ARY - CARTA DE LONGE AOS ARIANOS

Há poucas horas aceitava um convite do Dr. António Costa e da CM de Lisboa para as comemorações do 30º aniversário da morte de Ary dos Santos, com um concerto do Fernando Tordo. Que estranheza esta, ver-nos celebrar a partida física de um Imortal, talvez porque simplesmente nos faz falta.

E que falta... Quem aceita, incondicionalmente, a Palavra Maior a correr nas veias tal qual sangue e já não distingue o que mais o faz respirar, se o ar, se a Alma, faz falta hoje em dia. Quem aceita morrer porque tomou uma dose letal de Vida, como às vezes sinto nas palavras de Ary, fará eternamente falta. Especialmente para quem não o conheceu...

Há poucos anos permiti-me uma das mais bonitas aventuras no meu caminho artístico. E “permiti-me” é a expressão certa porque apesar do convite feito pelo Renato Júnior, percebi que eu tinha de deixar entrar esse universo no meu ou corria o risco de não o alcançar totalmente. Seria mais um tributo, como, quem sabe, foi para quem não teve oportunidade de presenciar e viver o “estado Ariano” do grupo, de perto. Seria mais um devaneio, como tantos que idealizados são sempre de uma imponência a que a realidade não faz justiça.  Seria algo que morreria na praia mas ninguém ficaria para contar as profundas vagas, que não surgem só na Nazaré

Mas eu fiquei.
E desconfio que alguns dos que se cruzarem com este texto estavam no "areal" e confirmam o que vos conto.

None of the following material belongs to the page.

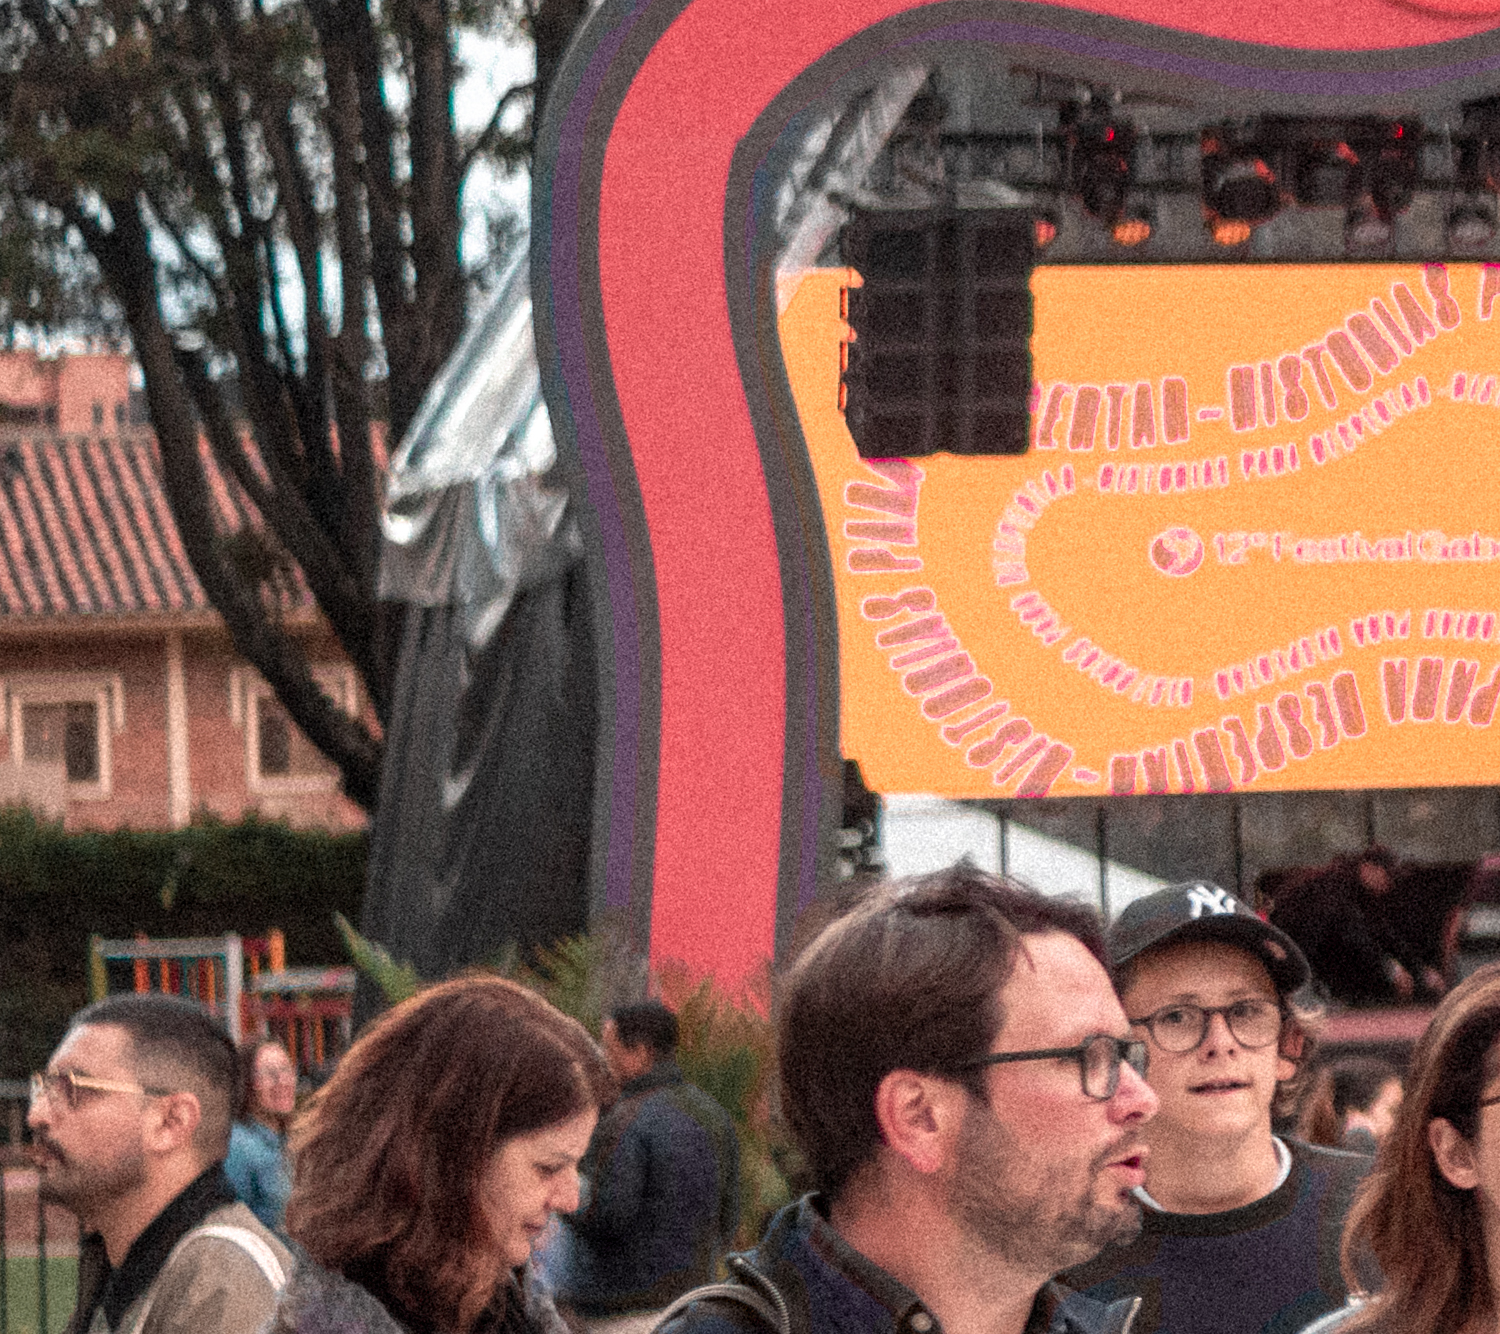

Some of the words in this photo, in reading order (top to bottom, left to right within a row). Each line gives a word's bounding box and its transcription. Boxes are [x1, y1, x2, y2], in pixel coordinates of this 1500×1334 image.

Talvez seja outra das histórias que deixei por contar e com tanta nuance, acontecimento e detalhe não será de certeza este texto que revela tudo, mas eu estou nesta fase revivalista e perdoem-me achar que pode ir aconchegar algum recanto vosso, com beleza, ternura imensa e Amor profundo à Palavra de Ary e à sua p... de força de nos remexer as entranhas.

Ary em Susana. Ary em Viviane. Ary em Luanda. Ary em Mafalda... Deixou-nos prenhes.

De “filhos” que nasceram urgentes, sedentos, alucinados sob o efeito de um espírito indomável e  indizível que o habitava. E que a imitar os duendezinhos irrequietos das florestas, despontava nos momentos mais inesperados, como uma simples conversa em que a intenção de nos conhecermos melhor dava lugar à certeza de já nos sabermos conhecidas, desde sempre. Num espírito semelhante de quem partilhava, secretamente, vidas onde cada poema parecia talhado do mesmo barro de que éramos (e somos, de certeza) feitas. Pobre de quem tentou entrevistar este bando “possuído”... como se Ary viesse fazer-nos cócegas precisamente nesse momento e nos remetesse à condição de suas “Mosqueteiras” e portanto portadoras de um mesmo sentido provocador e quase selvagem.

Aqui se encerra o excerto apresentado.